- YOUR GOAL -
Each entry should be set down exactly as written, except for any picture it holds.

- Saved entries -
* * *
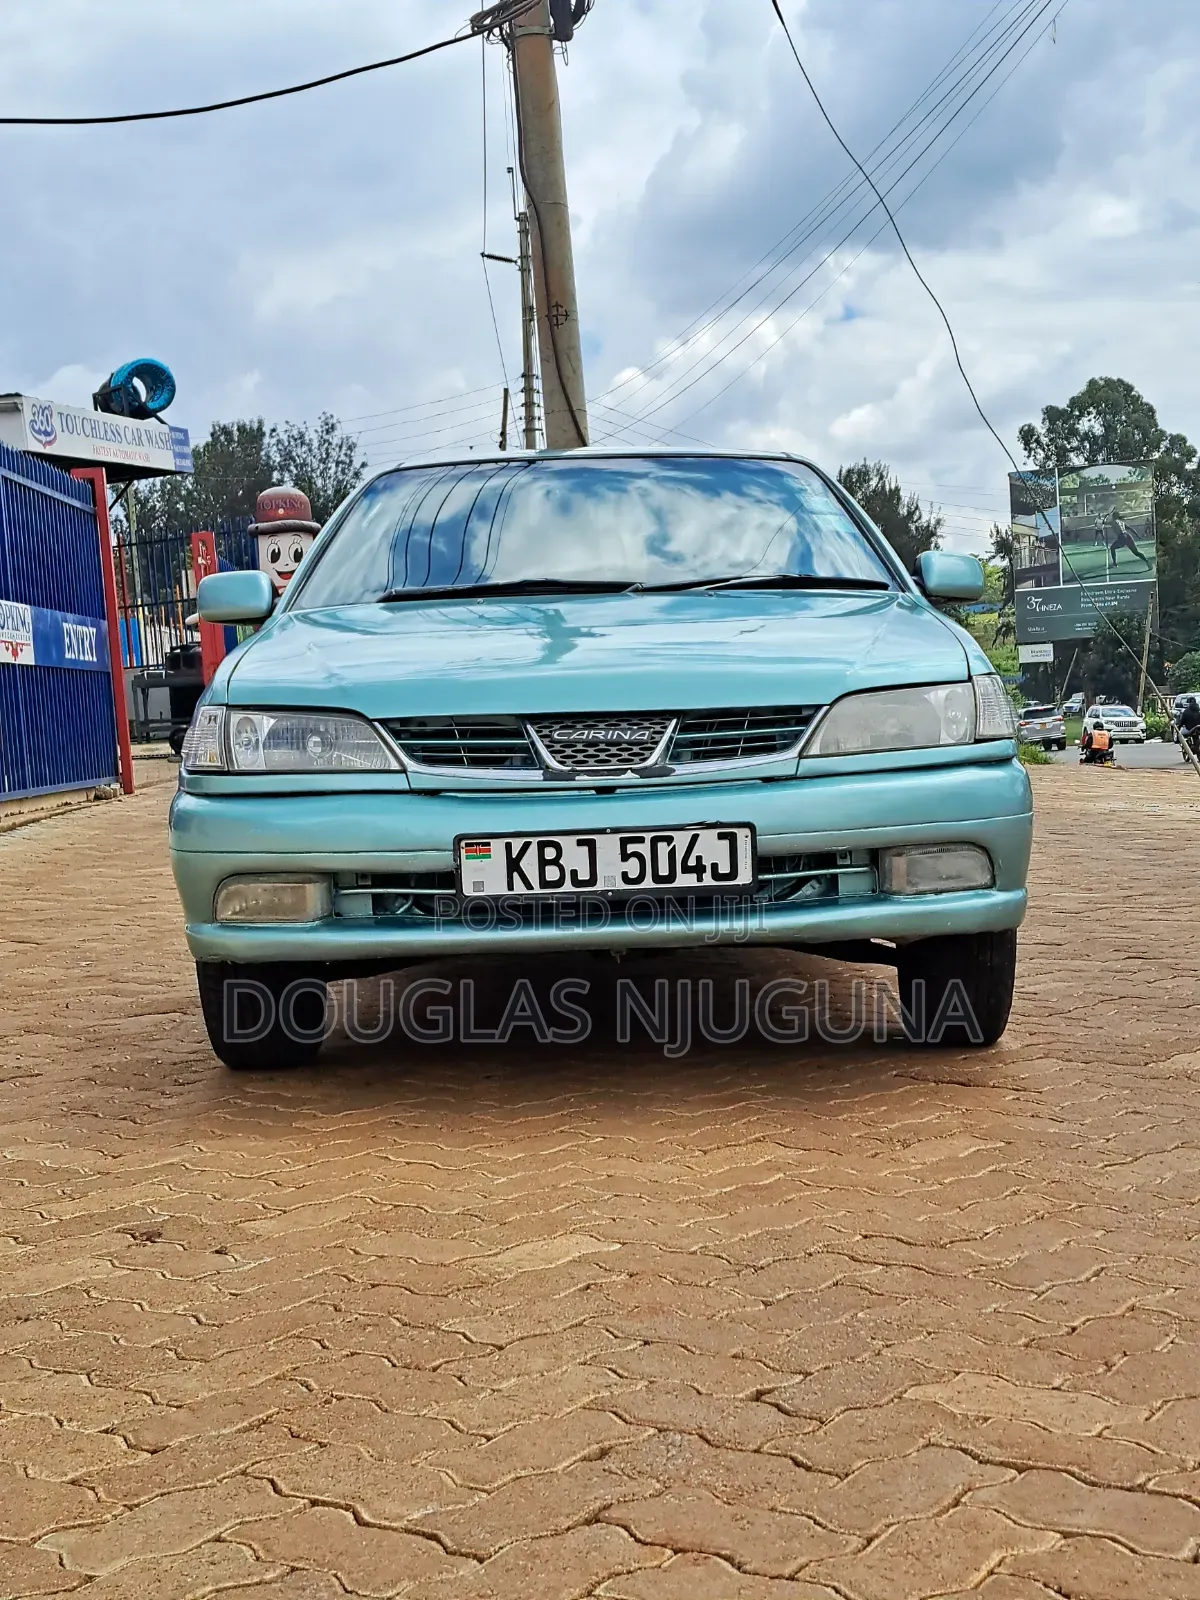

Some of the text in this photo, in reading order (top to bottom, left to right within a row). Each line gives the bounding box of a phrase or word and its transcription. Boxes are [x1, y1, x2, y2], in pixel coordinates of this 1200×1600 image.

[57, 411, 122, 444] TOUCHLESS
[124, 426, 144, 448] CAR
[145, 429, 172, 451] WASH
[1026, 595, 1043, 612] 37
[62, 621, 97, 662] ENTRY
[552, 729, 651, 741] CARINA
[504, 837, 598, 892] KBJ
[619, 831, 739, 886] 504J
* * *
- RESULT OF THIS TASK -
Some of the text in this photo, in reading order (top to bottom, left to right within a row). Each line gives the bounding box of a phrase or word and its transcription. Boxes are [x1, y1, x2, y2], in pixel coordinates of this 1200×1600 image.

[57, 411, 122, 444] TOUCHLESS
[124, 426, 144, 448] CAR
[145, 429, 172, 451] WASH
[1026, 595, 1043, 612] 37
[62, 621, 97, 662] ENTRY
[552, 729, 651, 741] CARINA
[504, 837, 598, 892] KBJ
[619, 831, 739, 886] 504J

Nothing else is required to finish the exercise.